#### [Task details]
Only the text of the records belongs in the answer; the pictures must be dropped.

☆ ☆ ☆ ☆ ☆ ☆ ☆

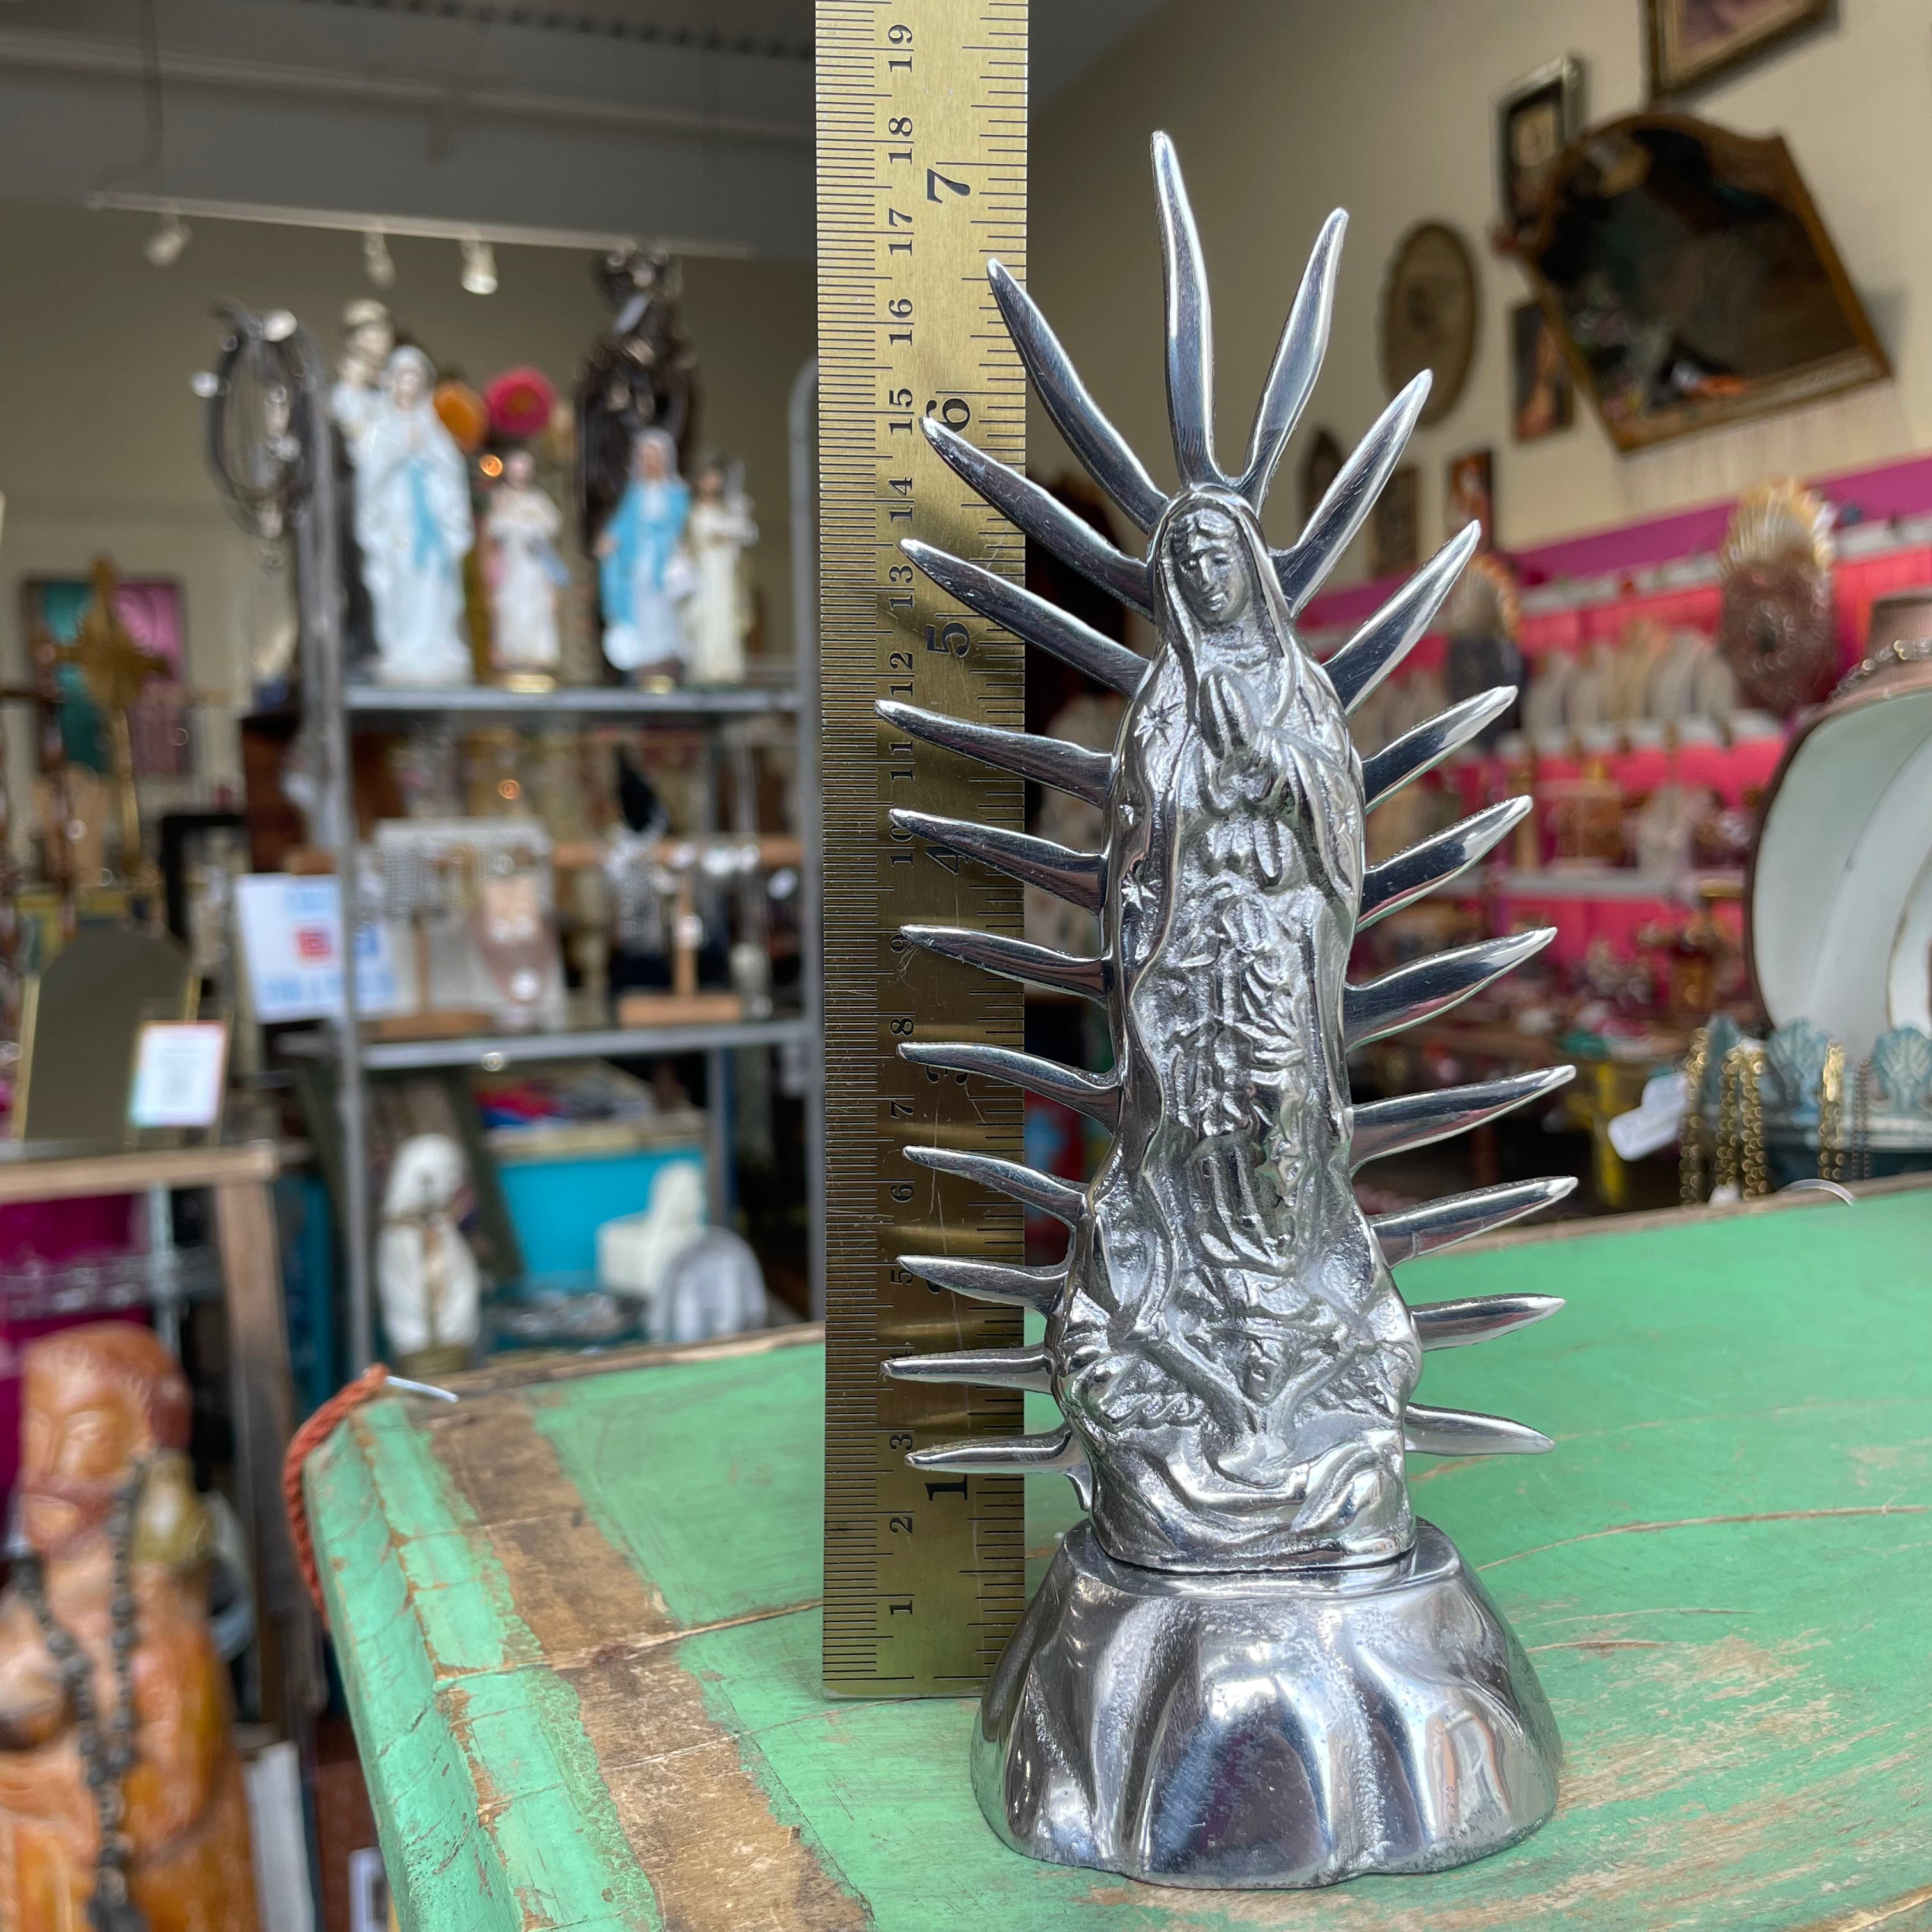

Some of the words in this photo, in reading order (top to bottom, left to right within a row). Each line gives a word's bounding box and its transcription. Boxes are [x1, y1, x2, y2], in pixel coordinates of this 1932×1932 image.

[888, 24, 913, 73] 19
[888, 117, 913, 165] 18
[927, 168, 970, 204] 7
[889, 208, 913, 256] 17
[889, 298, 914, 346] 16
[889, 388, 914, 435] 15
[888, 477, 914, 523] 14
[889, 565, 914, 611] 13
[926, 622, 970, 658] 5
[889, 651, 914, 697] 12
[889, 739, 914, 783] 11
[890, 1017, 914, 1036] 8
[890, 1101, 914, 1119] 7
[890, 1184, 914, 1203] 6
[890, 1434, 914, 1452] 3
[925, 1474, 968, 1501] 1
[890, 1517, 913, 1535] 2
[890, 1600, 913, 1615] 1

☆ ☆ ☆ ☆ ☆ ☆ ☆

#### [Exercise output]
Some of the words in this photo, in reading order (top to bottom, left to right within a row). Each line gives a word's bounding box and its transcription. Boxes are [x1, y1, x2, y2], in pixel coordinates of this 1932×1932 image.

[888, 24, 913, 73] 19
[888, 117, 913, 165] 18
[927, 168, 970, 204] 7
[889, 208, 913, 256] 17
[889, 298, 914, 346] 16
[889, 388, 914, 435] 15
[888, 477, 914, 523] 14
[889, 565, 914, 611] 13
[926, 622, 970, 658] 5
[889, 651, 914, 697] 12
[889, 739, 914, 783] 11
[890, 1017, 914, 1036] 8
[890, 1101, 914, 1119] 7
[890, 1184, 914, 1203] 6
[890, 1434, 914, 1452] 3
[925, 1474, 968, 1501] 1
[890, 1517, 913, 1535] 2
[890, 1600, 913, 1615] 1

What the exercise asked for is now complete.